After 26 school kids and teachers were slaughtered in Sandy Hook, we collectively shrugged at even minimal measures to reduce gun violence. (For the record: I grew up in a hunting culture, and while I no longer hunt, I understand and respect owning shotguns and rifles. My Uncle Harold was a national champion trapshooter, and I understand the culture of target shooting and even the joy for many of shooting for pleasure.)
So when a hateful man with an AR15 decides to kill 49 people in an Orlando club, people singled out because they’re gay and/or latin@ and/or there, I sadly can’t muster nearly as much political outrage as I once could.
Grief and despair, though: that I have plenty.
It is not only the dead, slaughtered because a deranged man is offended or inspired by Holy Delusions, because he manages to channel the hatred so virulent in the larger culture. It is not only the dozens wounded, their physical and emotional lives shattered. It is not only the “uninjured” people of Pulse, shot psychologically through by horrors that would be terrible on a battlefield, but are unspeakable on a dance floor, during a date, on a night with friends. It is also the hundreds and thousands affected directly and indirectly: partners, family, friends; co-workers, teachers, classmates; softball teams, choruses, neighbors. The Orlando LGBTQ community was immediately and directly devastated and, most surely, so too LGBTQ communities everywhere. But these communities enmesh with every other community, everywhere.

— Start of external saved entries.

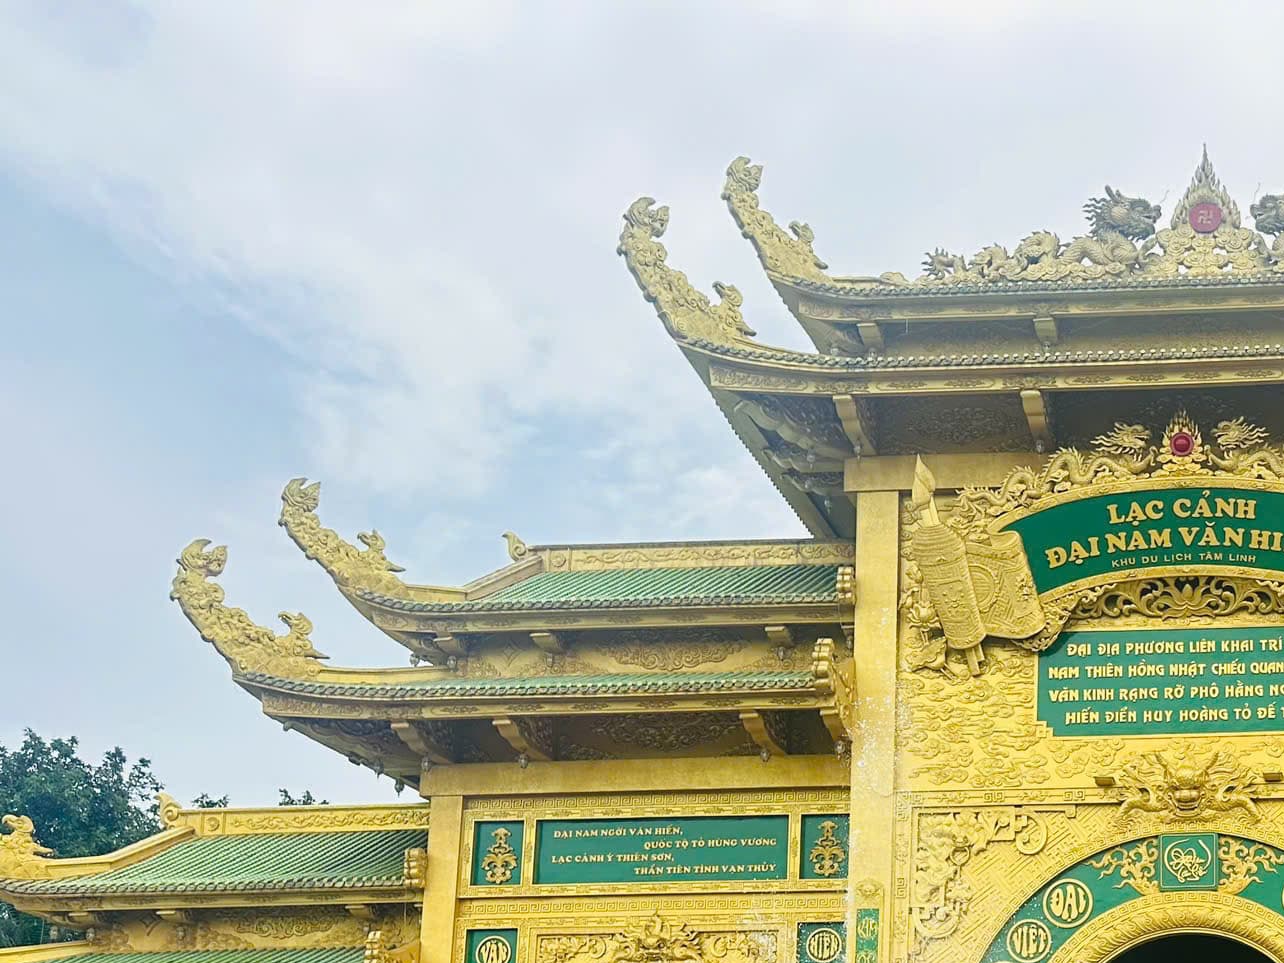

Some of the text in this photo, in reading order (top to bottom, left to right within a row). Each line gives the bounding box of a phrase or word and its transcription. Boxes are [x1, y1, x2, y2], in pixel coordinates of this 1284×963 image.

[1108, 490, 1256, 525] LẠC CẢNH
[1046, 537, 1099, 568] ĐẠI
[1106, 529, 1171, 552] NAM
[1179, 522, 1243, 546] VĂN
[1112, 559, 1135, 567] KHU
[1067, 644, 1091, 657] ĐẠI
[1098, 644, 1119, 656] ĐỊA
[1126, 641, 1184, 654] PHƯƠNG
[1190, 639, 1215, 652] LIÊN
[1222, 640, 1253, 652] KHAI
[1260, 636, 1282, 651] TRÍ
[1049, 667, 1079, 679] NAM
[1085, 663, 1122, 678] THIÊN
[1128, 659, 1164, 677] HỒNG
[1170, 661, 1206, 677] NHẬT
[1211, 659, 1245, 675] CHIẾU
[1049, 687, 1079, 702] VĂN
[1084, 689, 1114, 700] KINH
[1120, 688, 1158, 702] RẠNG
[1164, 685, 1184, 699] RỠ
[1066, 707, 1099, 724] HIẾN
[1144, 711, 1172, 722] HUY
[1180, 706, 1228, 721] HOÀNG
[1048, 884, 1088, 923] ĐẠI
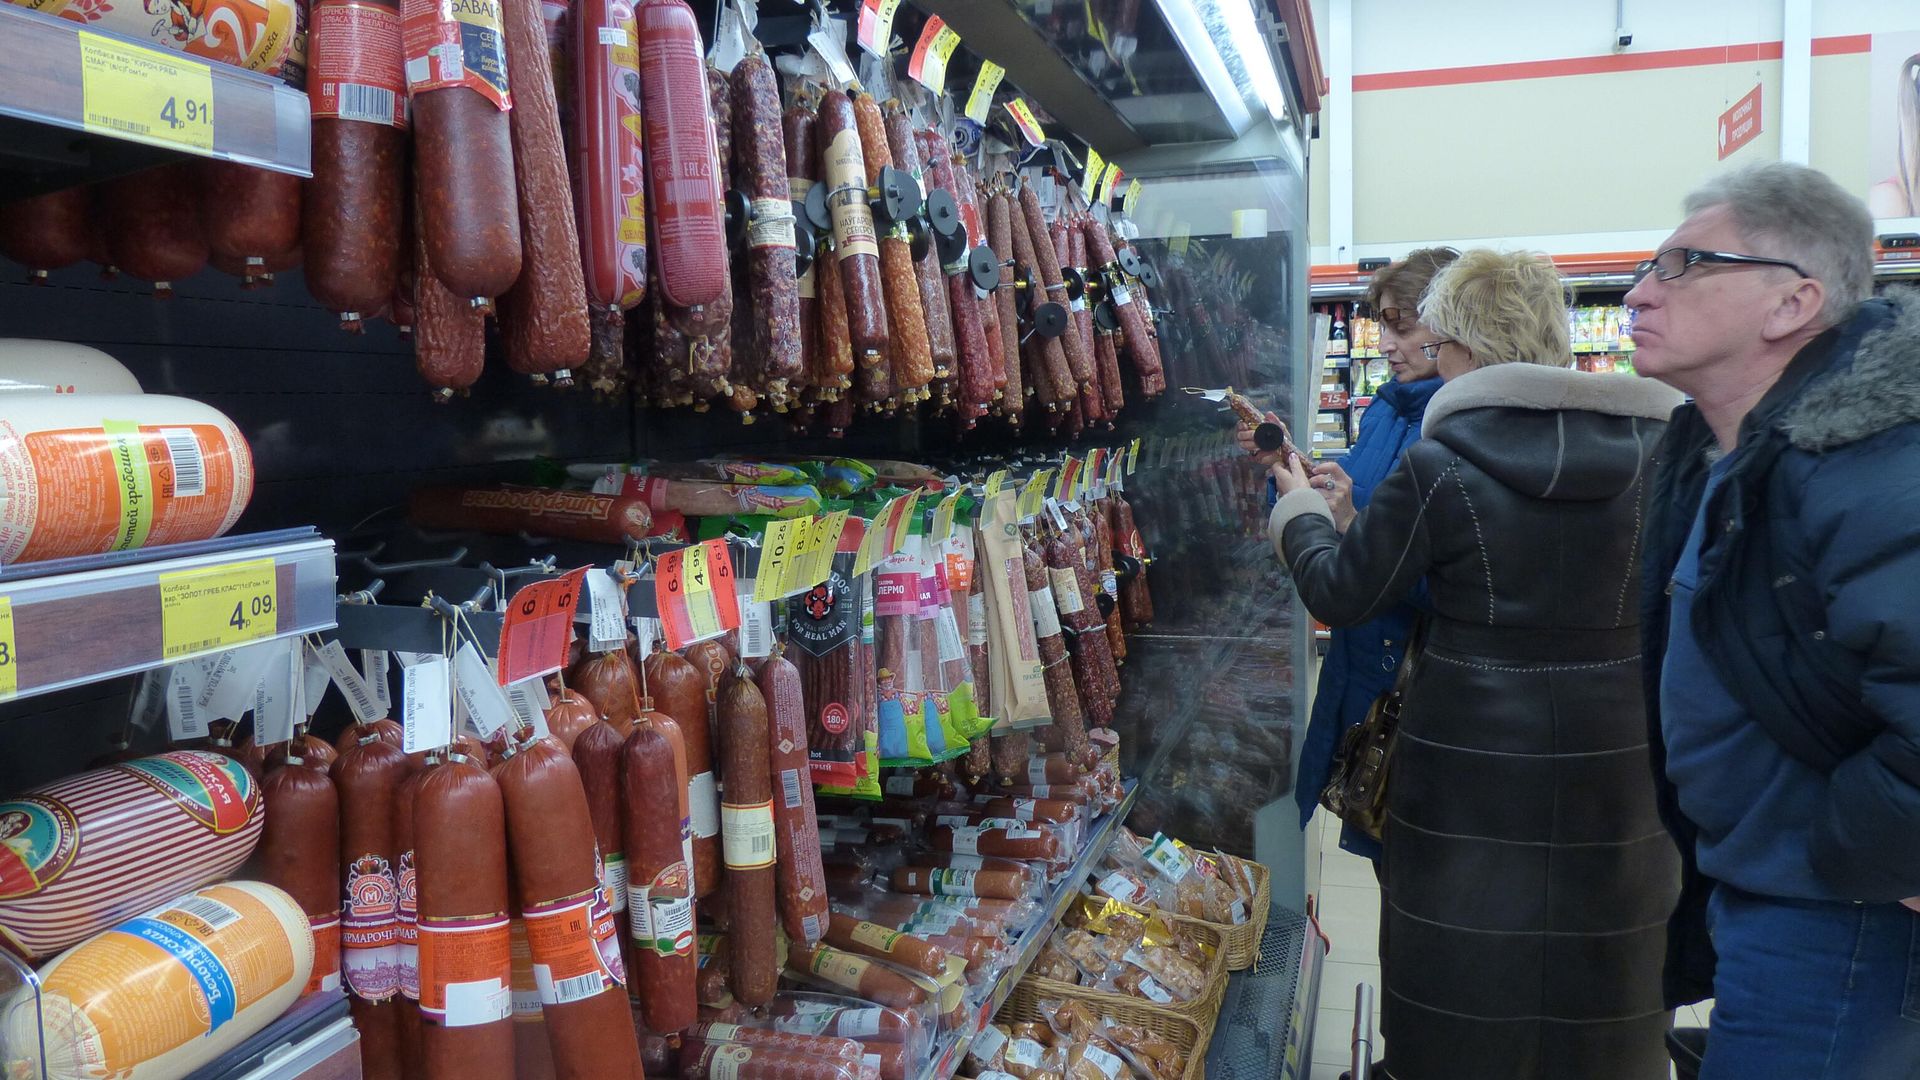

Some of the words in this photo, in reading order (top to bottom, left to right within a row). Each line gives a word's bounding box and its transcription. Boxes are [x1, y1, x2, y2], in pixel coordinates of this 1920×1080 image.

I’m a member of multiple communities, and one in particular is in my mind tonight.
Every person killed, every person injured in Pulse was some teacher’s student at some time, probably in the past, though some still in the present before Sunday. So many shot were young. Every teacher carries memories of his or her students, and beyond those memories, we bear ineluctable traces. To learn that one of our students has been killed in a car wreck or felled by cancer hurts. To learn that he or she was senselessly shot: that’s a cruel order beyond.

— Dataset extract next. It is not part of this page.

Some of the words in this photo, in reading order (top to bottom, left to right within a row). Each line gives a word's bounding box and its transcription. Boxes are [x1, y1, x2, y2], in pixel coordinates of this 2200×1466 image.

Don’t get me wrong. A teacher’s loss pales in relation to those of families or lovers or friends. And our collective social loss (of what, innocence? Please) is also more profound; the boundaries of inhumanity have been pushed back just a little further. Consolation that we live in a reasonable world is just that much harder to summon. And so when I grieve and despair about those destroyed and damaged by a madman in Orlando, I think of all those diminished, near and distant, thinking most of those dear ones closest.
But among those hurt, in some middle-distant range, are teachers who spent weeks and months and years, nurturing that little boy, that young woman, that transgendered kid who always sat over there, in the third row next to Emma, caring teachers who helped those student craft futures, those futures now hatefully slain.